Ecco perchè la nuova IA di Apple non sarà presente sui vecchi iPhone

Ecco perchè la nuova IA di Apple non sarà presente sui vecchi iPhone

> L'esclusione dei modelli di fascia bassa evidenzia le sfide di costo e infrastrutturali nella distribuzione di server accelerati da AI ai margini della rete.

Durante il WWDC 2024, Apple ha presentato "Apple Intelligence", una nuova tecnologia che integra capacità avanzate di intelligenza artificiale in tutto il suo ecosistema. Tuttavia, queste funzionalità sono disponibili solo sui dispositivi di fascia alta, come iPhone 15 Pro, iPad Pro con chipset della serie M e Mac che utilizzano Apple Silicon.

Una delle ragioni principali per cui Apple non ha esteso queste funzionalità ai modelli di iPhone 15 di base e a quelli precedenti potrebbe essere legata ai sostanziosi costi e alle sfide infrastrutturali che comporta l'implementazione dell'IA su larga scala. Le funzioni di intelligenza artificiale avanzate richiedono un notevole potere computazionale, fornito solitamente da GPU ad alte prestazioni, come il superchip NVIDIA MGX con GH 200 e Grace Hopper, il cui costo si aggira intorno ai 65.000 dollari per unità.

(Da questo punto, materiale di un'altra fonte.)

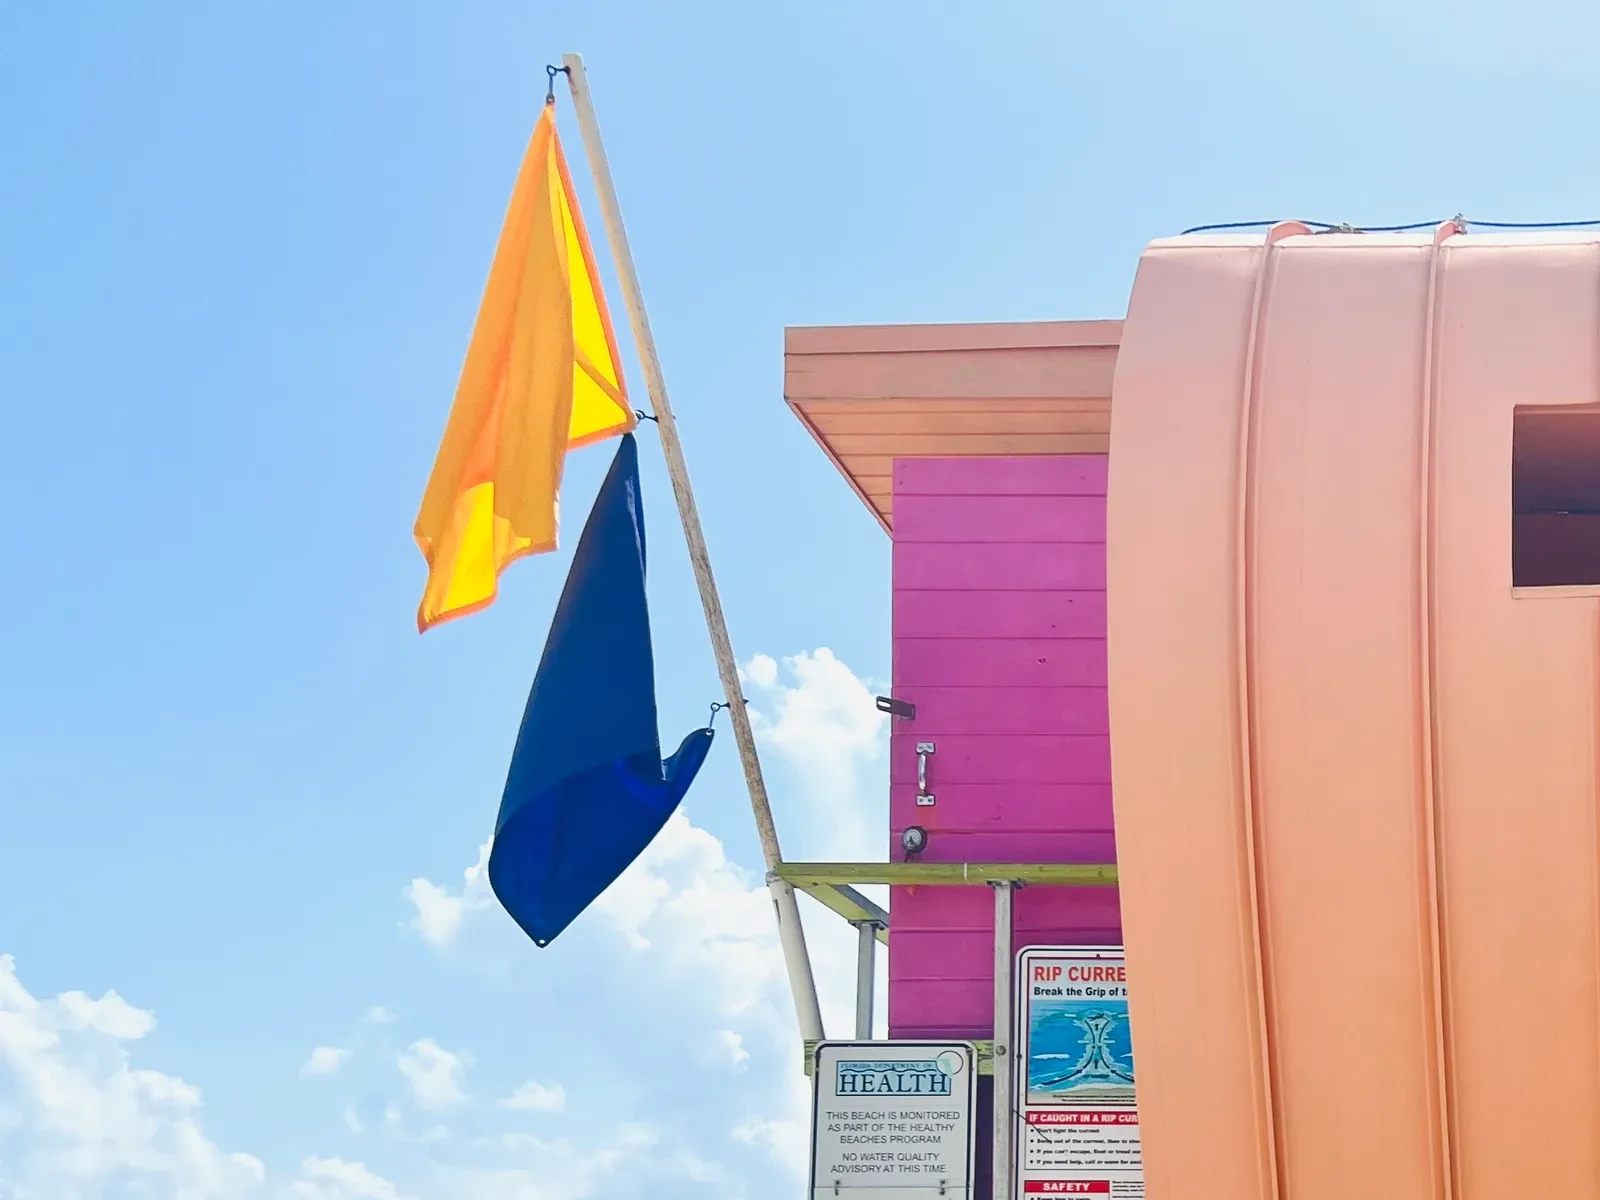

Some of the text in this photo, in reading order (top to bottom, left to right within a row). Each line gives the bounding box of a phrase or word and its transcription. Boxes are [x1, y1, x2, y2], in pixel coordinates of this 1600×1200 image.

[1034, 966, 1063, 981] RIP
[1034, 987, 1063, 996] Break
[1066, 987, 1082, 996] the
[1085, 987, 1106, 998] Grip
[1108, 987, 1119, 996] of
[840, 1074, 948, 1092] HEALTH
[827, 1112, 960, 1120] THIS BEACH IS MONITORED
[1029, 1114, 1039, 1122] IF
[1040, 1114, 1078, 1122] CAUGHT
[1080, 1114, 1090, 1122] IN
[1092, 1114, 1099, 1122] A
[1101, 1114, 1116, 1122] RIP
[828, 1124, 955, 1132] AS PART OF THE HEALTHY
[840, 1136, 941, 1144] BEACHES PROGRAM
[842, 1153, 940, 1161] NO WATER QUALITY
[830, 1165, 946, 1173] ADVISORY AT THIS TIME
[1043, 1183, 1091, 1191] SAFETY

Apple ha adottato un approccio ibrido per il lancio iniziale di Apple Intelligence, combinando l'elaborazione locale e il Private Cloud Compute (PCC). Quest'ultimo permette operazioni in cloud mantenendo la privacy degli utenti. PCC si avvale di silicio Apple custom e un sistema operativo robusto per garantire la sicurezza dei dati personali e prevenire l'accesso non autorizzato.

I servizi AI Generativi di Apple, inoltre, sono attualmente disponibili solo sui dispositivi di fascia alta. Questo consente ad Apple di potenziare le sue capacità di IA e infrastruttura prima di espanderle a un range più ampio di dispositivi. Per portare Apple Intelligence al resto del suo ecosistema, l'azienda prevede di utilizzare server accelerati per l'IA dislocati ai margini della rete, permettendo anche ai dispositivi meno potenti di beneficiare delle funzionalità avanzate di AI.

L'edge computing, che implica l'elaborazione dei dati più vicino al punto in cui sono generati piuttosto che fare affidamento solo su data center centralizzati, potrebbe migliorare significativamente le prestazioni e ridurre la latenza. Tuttavia, la distribuzione dell'infrastruttura di edge computing è complessa e costosa, richiedendo soluzioni hardware e software robuste per garantire una integrazione e sicurezza seamless.

La necessità di server accelerati per l'IA non riguarda solo i telefoni più vecchi e i dispositivi di fascia bassa. Anche i prodotti IoT di Apple, come Apple Watch, Apple TV e HomePod, che non possiedono la potenza computazionale per l'elaborazione AI onboard, trarrebbero vantaggio da tale infrastruttura. Questi dispositivi probabilmente non saranno in grado di gestire calcoli AI onboard nel prossimo futuro, rendendo le soluzioni in cloud e edge ancora più cruciali.

Mentre Apple prosegue nello sviluppo della sua infrastruttura AI, inclusa la possibile implementazione di soluzioni di edge computing, ci si aspetta un dispiegamento più ampio di Apple Intelligence nei prossimi anni. Questo approccio graduale assicura che Apple possa mantenere elevati standard di privacy, sicurezza e esperienza utente, espandendo gradualmente le sue capacità di AI in tutto il suo assortimento di dispositivi.